MUSCHAMP’S CLAIMS ON GROUND ZERO



Architects may have outsized egos but—if there was any question before—Herbert Muschamp’s may be out of control. As of press time, rumors were swirling that the NYT architecture critic has been making life difficult for the publishers of the forthcoming book Imagining Ground Zero: Official and Unofficial Schemes for the World Trade Center Competition (Rizzoli and Architectural Record). It seems the book’s author, Record editor Suzanne Stephens, wants to include schemes from the September 8, 2002, designer-palooza featured in the NYT Magazine in which Muschamp asked architects—including Charles Gwathmey, Peter Eisenman, Richard Meier, Zaha Hadid, and Rem Koolhaas—to contribute plans for Ground Zero. However, “He’s been calling the architects and telling them not to let their work be published,” says a designer familiar with the fiasco, “and several of them are complying.” Why would Muschamp want to interfere, when the NYT itself has acknowledged it doesn’t own the rights to the designs? “He was asked to write about the projects in the book,” the source continues, “so it can’t be that he just feels left out. The only answer would have to be power.” While the story is still developing, we’ve learned that Rizzoli is exploring legal options and, though they wouldn’t give an explanation, the offices of several of the architects we contacted, including Meier, confirmed they don’t intend to provide the plans in question. Both Stephens and her Rizzoli editor declined comment, and Muschamp did not return calls.


- i have to admit that Muschamp's NYT project was my favorite proposal for wtc. i wonder what changed his perspective. the wholesale failure of the "design by committee" approach ? that led to the call for elitisim and then the "oh, fuck it" rebuild the twin towers opines?
- bill 6-09-2004 11:32 pm [add a comment]


Mine too (but any plan that did not involve Libeskind was a good plan).
Is he tired of it - like we all are no? - and he is deciding to check out and not fight the fight? (I think Kimmelman's piece was still the best in verbalizing against the design by committee - trying to find it now). At the time I read it I remember wanting to give a little cheer. I know you all are not Herbert fans, but didn't his stand make you just feel a little sad? Like he has lost the battle? (on further thought, um, no need to answer that :-)

- selma 6-09-2004 11:44 pm [add a comment]


please understand I am not a Herbert fan either. I think he does a disservice to the architectural community in that he does not translate work for the "average" reader. He manages to make architecture even more unobtainable and less understandable than people already perceive it to be. (I am having deja vu, have I said this to you before?)
- selma 6-09-2004 11:52 pm [add a comment]

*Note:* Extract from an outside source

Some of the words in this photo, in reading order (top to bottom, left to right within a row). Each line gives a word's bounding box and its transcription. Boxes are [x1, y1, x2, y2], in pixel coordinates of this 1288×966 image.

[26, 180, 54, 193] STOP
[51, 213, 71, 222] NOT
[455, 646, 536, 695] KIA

we're all repainting the same painting. call it a clarification.


- bill 6-10-2004 12:07 am [add a comment]


oh, one more thing, coincidence: I saw him having dinner at the odeon last night.

- selma 6-10-2004 12:08 am [add a comment]

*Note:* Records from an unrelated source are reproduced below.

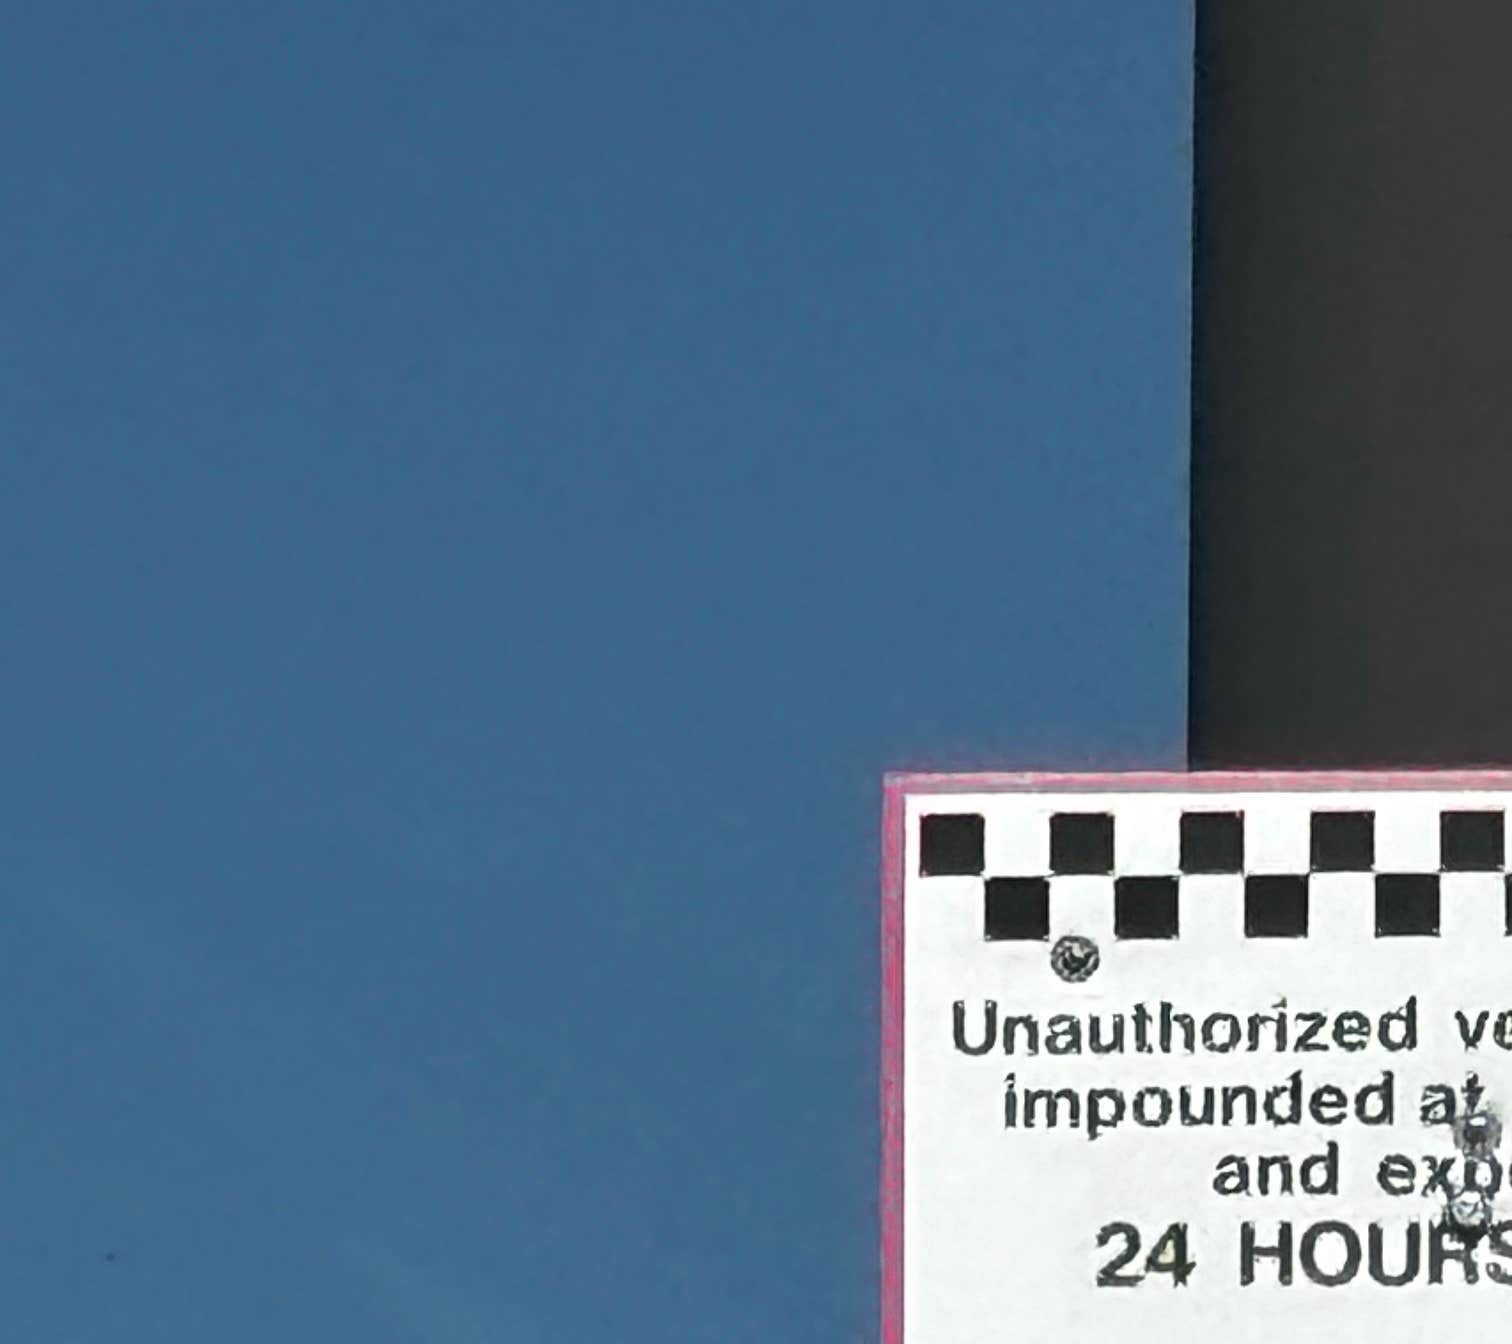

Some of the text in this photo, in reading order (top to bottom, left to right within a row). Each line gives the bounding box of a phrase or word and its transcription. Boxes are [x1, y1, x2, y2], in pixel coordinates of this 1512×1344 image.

[953, 997, 1418, 1054] Unauthorized
[1005, 1069, 1395, 1138] impounded
[1419, 1072, 1486, 1125] at
[1213, 1141, 1339, 1197] and
[1097, 1222, 1197, 1288] 24

Not Herbert related, but...
"The Lower Manhattan Development Corporation (LMDC) invites you to join Governor George Pataki and Mayor Michael Bloomberg at the announcement of the cultural institutions that have been selected for the World Trade Center site.
A press conference will be held at
2:15 p.m. today
at the World Financial Center's Winter Garden.
Please note there will be no announcement regarding the selected institutions prior to the press conference."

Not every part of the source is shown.